Answer:
The player won't score and will miss the basket for 2.07m short.
Explanation:
We have a 2D proyectile problem, the basketball is moving at the same time in the X and Y axes, we can start by writing the information given:
The distance between the player and the basket is 6.1m that will be X.
The height where the basket was launched is 1.2m that will be the initial position or [tex]Y_{0}[/tex].
The initial velocity, [tex]V_{o}[/tex] is 7.8 m/s and its launched within 55° with the horizontal, that will be α.

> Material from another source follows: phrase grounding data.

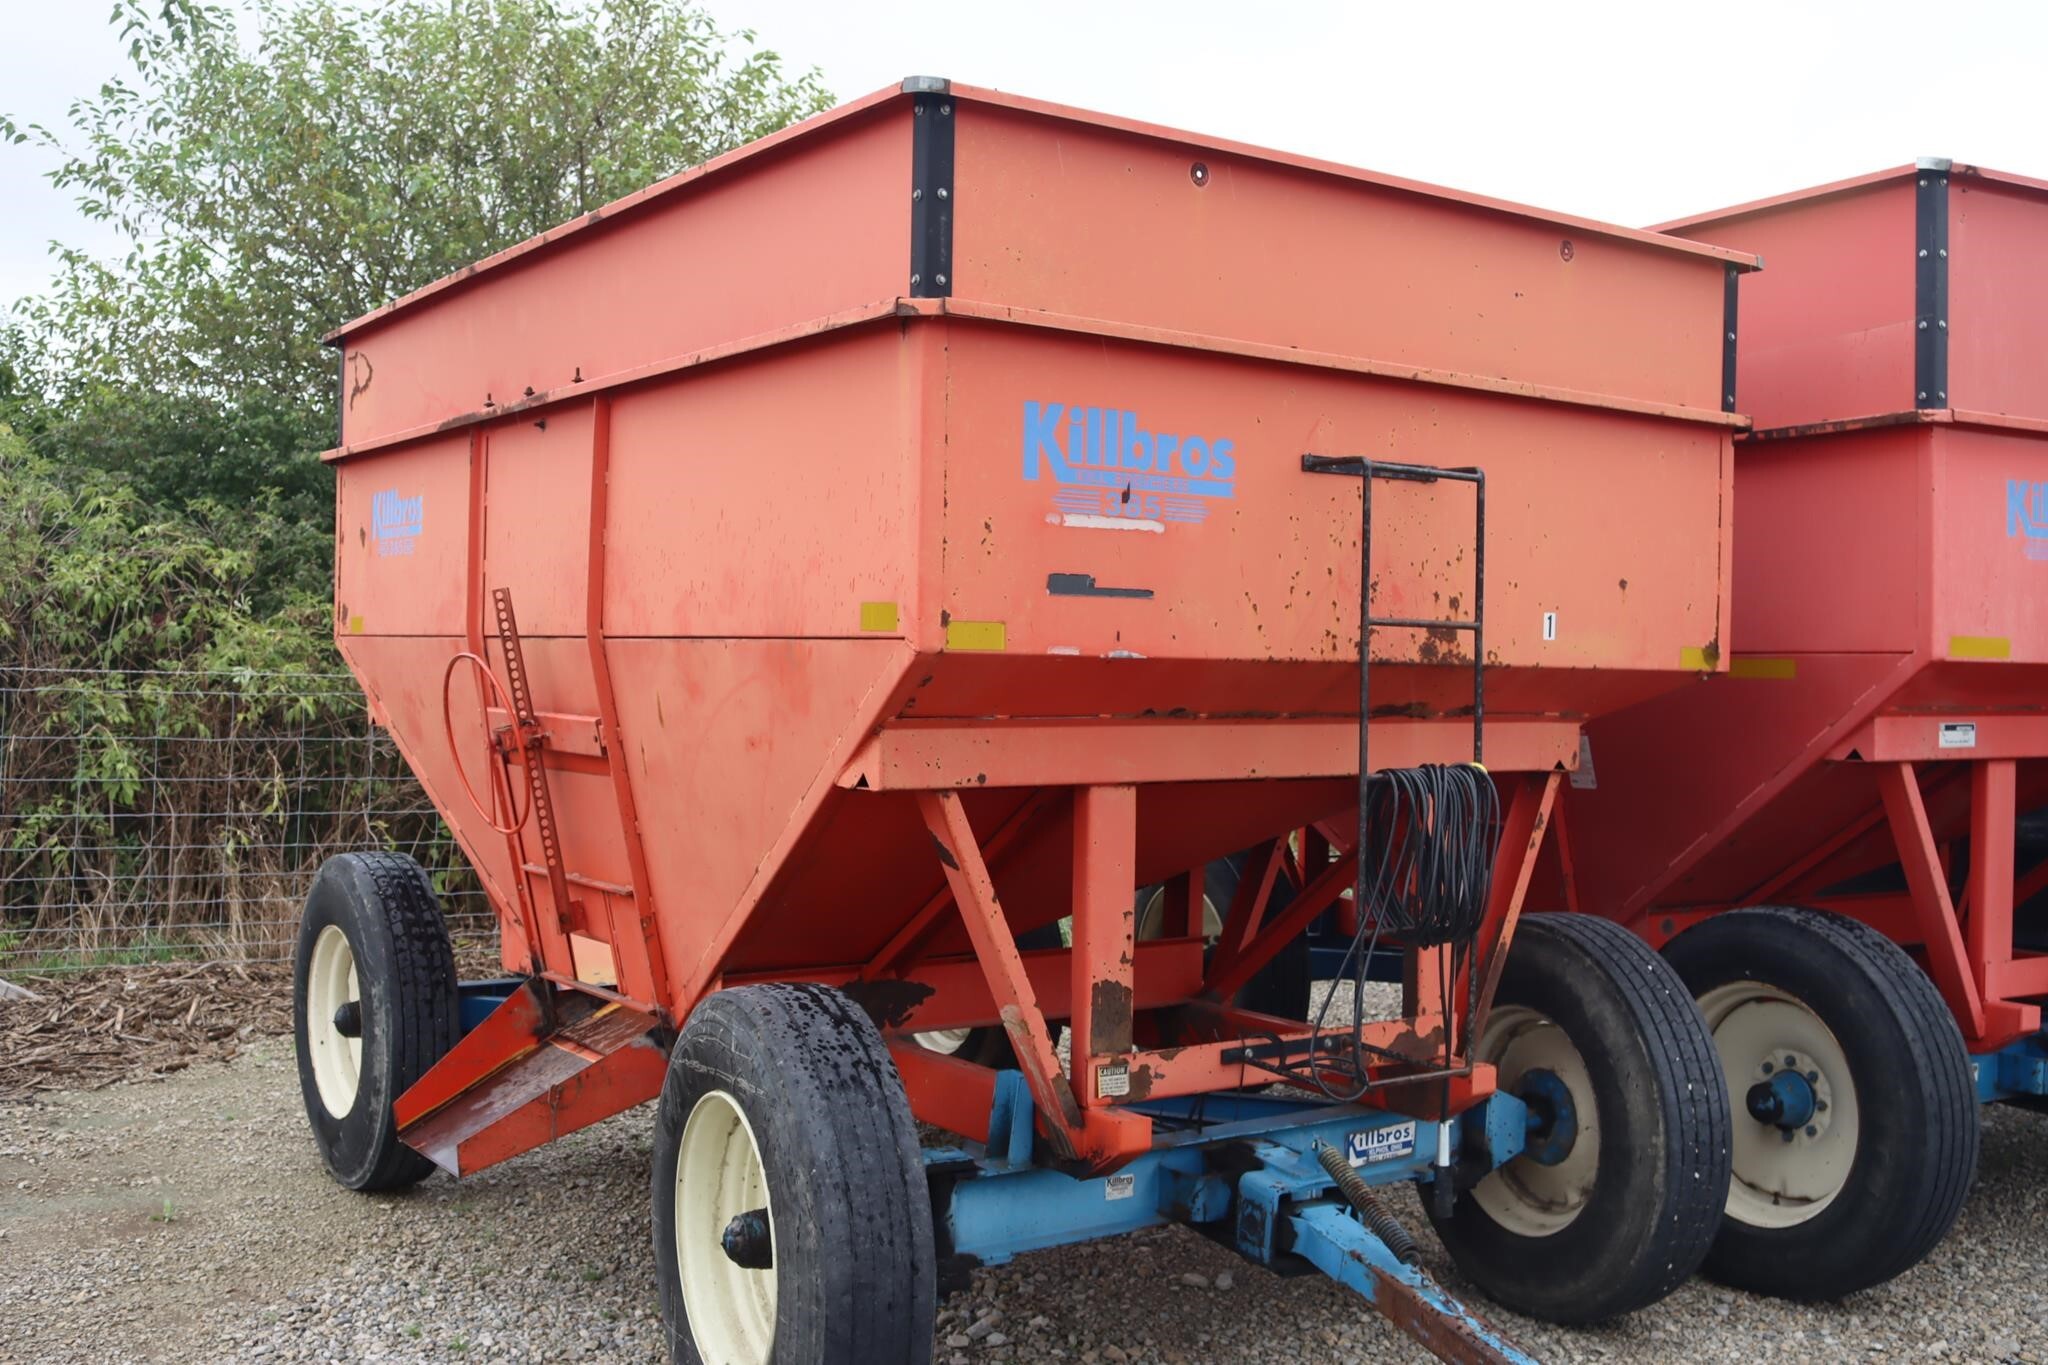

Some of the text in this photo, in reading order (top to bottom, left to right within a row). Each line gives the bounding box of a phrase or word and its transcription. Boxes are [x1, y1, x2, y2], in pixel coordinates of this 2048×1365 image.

[1022, 400, 1236, 481] Killbros
[371, 488, 423, 541] Killbros
[1099, 1066, 1126, 1077] CAUTION
[1345, 1126, 1411, 1160] Killbros
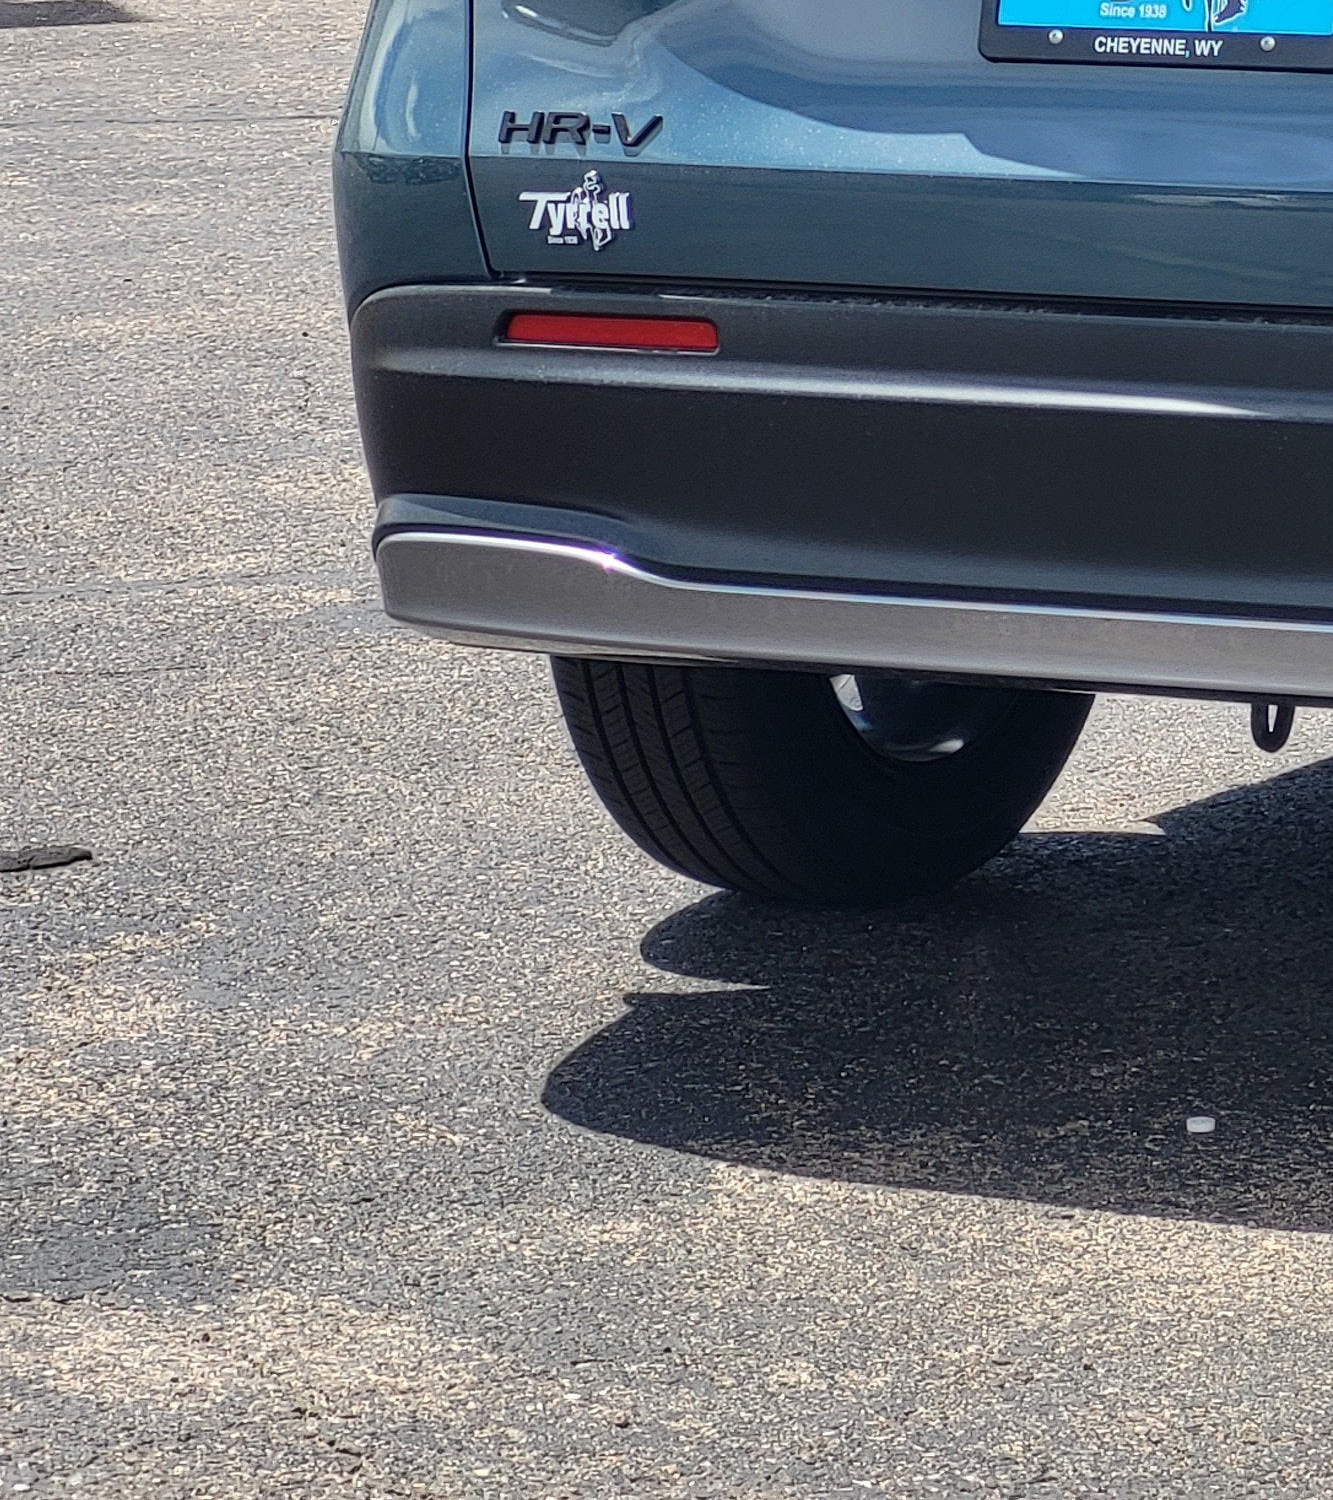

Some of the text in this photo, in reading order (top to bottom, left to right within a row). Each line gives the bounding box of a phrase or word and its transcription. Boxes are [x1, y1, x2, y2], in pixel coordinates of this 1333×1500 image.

[1099, 2, 1168, 20] Since 1938
[1093, 35, 1224, 57] CHEYENNE, WY
[497, 110, 664, 148] HR-V
[518, 190, 632, 236] Tyrrell

We also need the equations of 2D movemnt
[tex] 1. X=X_{0} +V_{x} *t\\2. Y=Y_{0} +V_{0Y} *t+\frac{1}{2}*a_{y} *t^{2}\\3. V_{x}=V_{0}*cos(\alpha)\\4. V_{y}=V_{0}*sin(\alpha)[/tex]

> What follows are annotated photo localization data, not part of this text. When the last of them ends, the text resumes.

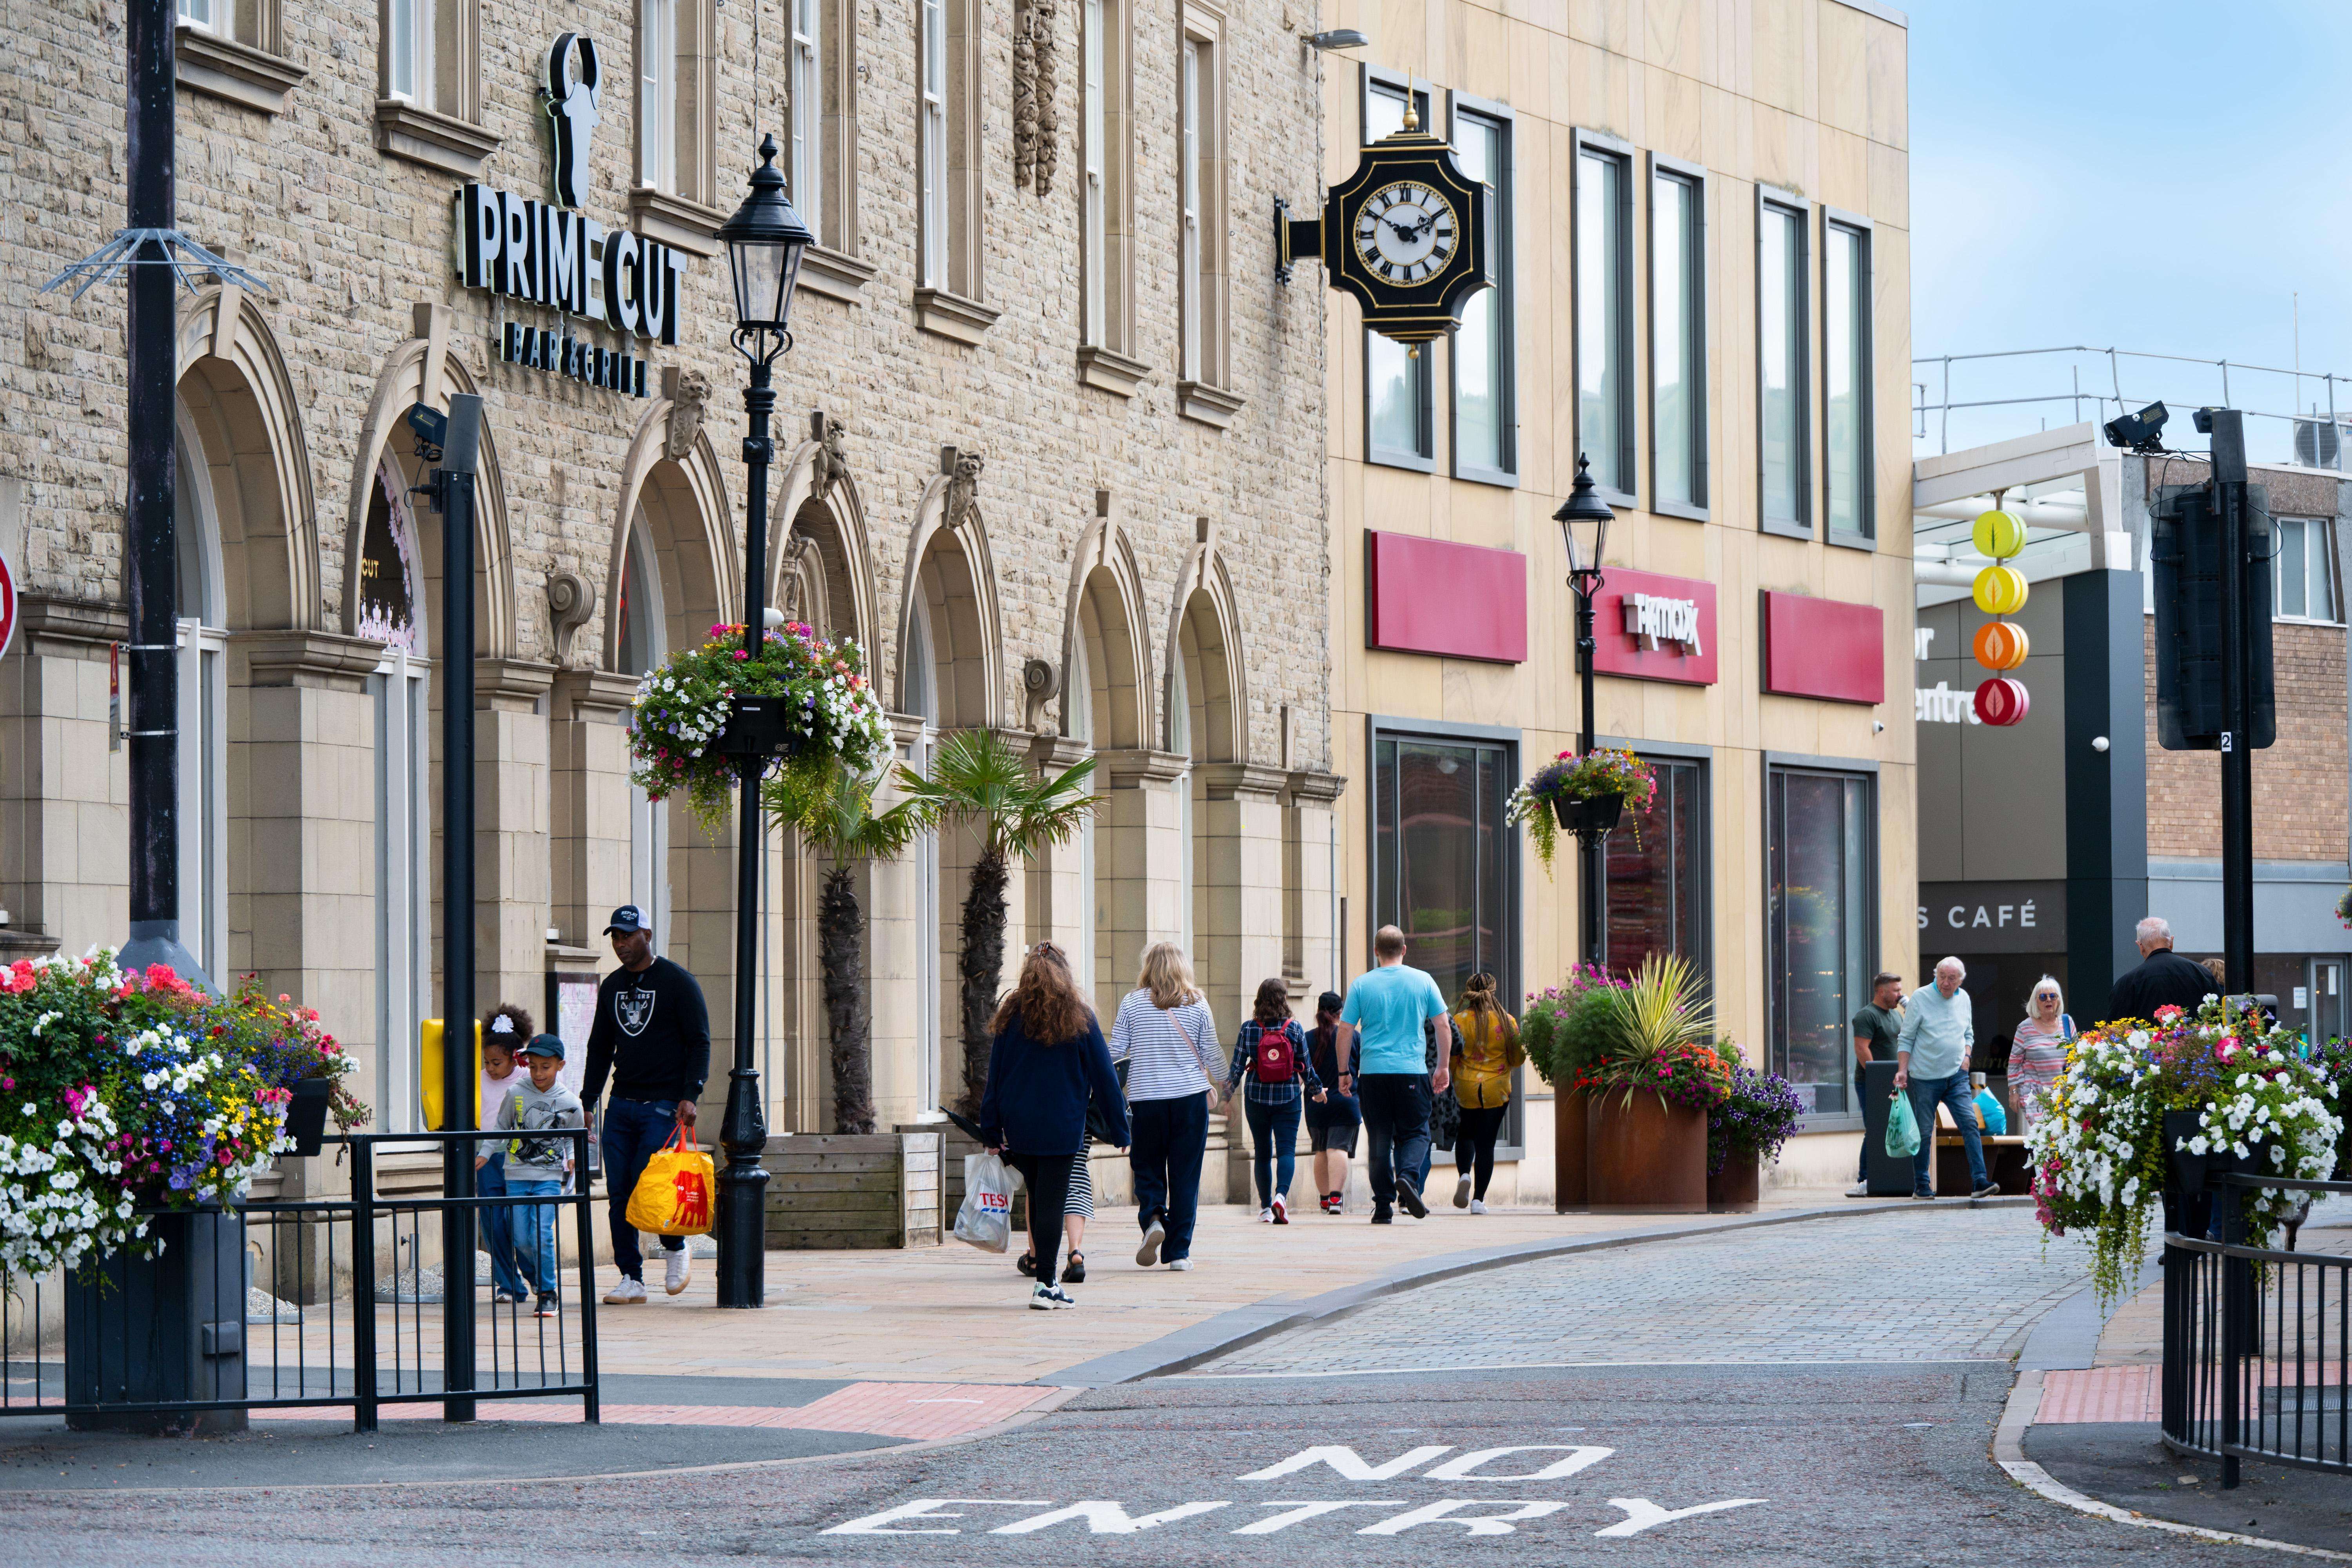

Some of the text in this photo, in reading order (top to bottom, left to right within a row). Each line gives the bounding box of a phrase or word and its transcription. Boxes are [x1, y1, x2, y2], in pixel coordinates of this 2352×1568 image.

[463, 184, 687, 347] PRIME CUT
[501, 322, 651, 398] BAR & GRILL
[362, 557, 379, 578] CUT
[2222, 734, 2230, 748] 2
[1918, 898, 2036, 929] S CAFÉ
[1235, 1445, 1617, 1482] NO
[817, 1498, 1770, 1537] ENTRY

We can find the flying time t by using (1)
[tex] t=\frac{X-X_{0} }{V_{0}*cos(\alpha)} [/tex]
[tex] t=1.36s [/tex]
We can replace t in (2) and find what would be Y with that flying time, if it is equal to 3.05m the height of a basket the player would score, but if not he'll miss.
[tex]Y=0.83m[/tex]
As [tex]Y\neq 3.05m[/tex] the player won't score so we need to find how much will the ball miss the basket.
Using Y as 3.05m we can find the flying time necessary to score with equation 2.
we would obtain 2 answers for t, we have to chose the second one, remember that in a parabolic movement you pass 2 times through the same hight when you are going up and when you are going down so after finding the answers [tex]t=0.87s[/tex].
Finally replacing t found just before in (1) we can find the actual X, we will call it [tex]X_{2}[/tex] distance that the ball will travel.
[tex]X_{2}=3.93m[/tex]
and subtracting the two distances we will find by how much the ball will miss the basket.
[tex]X-X_{2}=2.07m[/tex]
So the player will miss the basket for 2.07 m.